Google may liberate Photos and Hangouts from Google+
"I think increasingly you'll see us focus on communications [Hangouts], photos and the Google+ stream as three important areas, rather than being thought of as one area," Sundar Pichai, Google's senior vice president of products, told Forbes in an interview.
Pichai explained that Google+ could be thought of as two concepts. One is the single sign-in platform that lets Google share your data across services like Gmail and Drive. The other is the Google+ "stream" and all the social features around it. When Google+ launched in 2011, Photos and Hangouts were pitched as key features of the social networking component.
It sounds like that's going to change, though some of the work is already done. Hangouts is already a separate app on iOS and Android, and on web browsers you can access Hangouts features in Gmail. Photos is still bundled with the Google+ app, letting you automatically back up photos from your phone, but the focus has shifted away from Google+ sharing. You can now share backed up photos over Gmail instead of the social network, and perhaps we'll see Google Drive integration down the road.
As for the stream itself, Pichai noted that it enjoys "a passionate community of users," but the company "would definitely like to see more scale at what we do."

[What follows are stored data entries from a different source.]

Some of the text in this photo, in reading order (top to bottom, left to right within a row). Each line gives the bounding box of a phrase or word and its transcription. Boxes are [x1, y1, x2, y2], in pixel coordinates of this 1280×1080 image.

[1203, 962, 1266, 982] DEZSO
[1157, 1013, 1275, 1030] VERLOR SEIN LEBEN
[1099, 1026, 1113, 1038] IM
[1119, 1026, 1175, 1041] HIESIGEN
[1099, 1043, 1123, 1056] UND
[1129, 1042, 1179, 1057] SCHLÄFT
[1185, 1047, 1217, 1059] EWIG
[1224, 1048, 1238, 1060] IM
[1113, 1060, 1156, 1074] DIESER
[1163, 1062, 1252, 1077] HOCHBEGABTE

Why this matters: Ever since Google+ head Vic Gundotra left the company last April, there've been murmurs of a change in direction for the social network. Pichai's comments confirm that Google is carving up the network for parts, and that even the core "stream" isn't living up to expectations. Afters years of Google trying to shoehorn Google+ into places where it doesn't belong, creating an increasingly bloated product, it's nice to see the company acknowledge reality and change course. The result will hopefully be better products all around.